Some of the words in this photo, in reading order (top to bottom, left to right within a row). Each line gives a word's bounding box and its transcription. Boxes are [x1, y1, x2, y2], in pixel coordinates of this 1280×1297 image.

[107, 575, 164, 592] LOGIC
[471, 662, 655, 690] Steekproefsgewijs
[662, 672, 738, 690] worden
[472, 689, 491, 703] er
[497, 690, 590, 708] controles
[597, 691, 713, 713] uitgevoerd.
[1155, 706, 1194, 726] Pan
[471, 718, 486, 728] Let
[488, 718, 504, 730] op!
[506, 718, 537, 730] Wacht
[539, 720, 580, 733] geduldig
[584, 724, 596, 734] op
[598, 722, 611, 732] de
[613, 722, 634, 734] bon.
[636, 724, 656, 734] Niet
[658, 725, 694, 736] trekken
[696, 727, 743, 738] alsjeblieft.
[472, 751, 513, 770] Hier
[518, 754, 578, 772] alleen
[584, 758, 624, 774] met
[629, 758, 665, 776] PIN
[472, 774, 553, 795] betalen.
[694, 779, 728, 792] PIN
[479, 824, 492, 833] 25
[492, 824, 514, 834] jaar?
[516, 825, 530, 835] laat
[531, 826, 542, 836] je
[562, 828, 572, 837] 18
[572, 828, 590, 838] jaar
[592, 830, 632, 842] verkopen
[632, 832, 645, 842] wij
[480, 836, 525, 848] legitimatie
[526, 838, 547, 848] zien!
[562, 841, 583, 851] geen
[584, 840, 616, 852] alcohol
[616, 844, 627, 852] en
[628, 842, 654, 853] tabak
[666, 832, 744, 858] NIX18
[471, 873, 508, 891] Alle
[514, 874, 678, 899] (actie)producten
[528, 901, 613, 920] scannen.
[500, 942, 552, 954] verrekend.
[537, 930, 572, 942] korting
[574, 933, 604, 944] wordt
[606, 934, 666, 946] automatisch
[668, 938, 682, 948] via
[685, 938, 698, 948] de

### Required action
A verbatim copy of every entry is needed.

### Solution for this task
Some of the words in this photo, in reading order (top to bottom, left to right within a row). Each line gives a word's bounding box and its transcription. Boxes are [x1, y1, x2, y2], in pixel coordinates of this 1280×1297 image.

[107, 575, 164, 592] LOGIC
[471, 662, 655, 690] Steekproefsgewijs
[662, 672, 738, 690] worden
[472, 689, 491, 703] er
[497, 690, 590, 708] controles
[597, 691, 713, 713] uitgevoerd.
[1155, 706, 1194, 726] Pan
[471, 718, 486, 728] Let
[488, 718, 504, 730] op!
[506, 718, 537, 730] Wacht
[539, 720, 580, 733] geduldig
[584, 724, 596, 734] op
[598, 722, 611, 732] de
[613, 722, 634, 734] bon.
[636, 724, 656, 734] Niet
[658, 725, 694, 736] trekken
[696, 727, 743, 738] alsjeblieft.
[472, 751, 513, 770] Hier
[518, 754, 578, 772] alleen
[584, 758, 624, 774] met
[629, 758, 665, 776] PIN
[472, 774, 553, 795] betalen.
[694, 779, 728, 792] PIN
[479, 824, 492, 833] 25
[492, 824, 514, 834] jaar?
[516, 825, 530, 835] laat
[531, 826, 542, 836] je
[562, 828, 572, 837] 18
[572, 828, 590, 838] jaar
[592, 830, 632, 842] verkopen
[632, 832, 645, 842] wij
[480, 836, 525, 848] legitimatie
[526, 838, 547, 848] zien!
[562, 841, 583, 851] geen
[584, 840, 616, 852] alcohol
[616, 844, 627, 852] en
[628, 842, 654, 853] tabak
[666, 832, 744, 858] NIX18
[471, 873, 508, 891] Alle
[514, 874, 678, 899] (actie)producten
[528, 901, 613, 920] scannen.
[500, 942, 552, 954] verrekend.
[537, 930, 572, 942] korting
[574, 933, 604, 944] wordt
[606, 934, 666, 946] automatisch
[668, 938, 682, 948] via
[685, 938, 698, 948] de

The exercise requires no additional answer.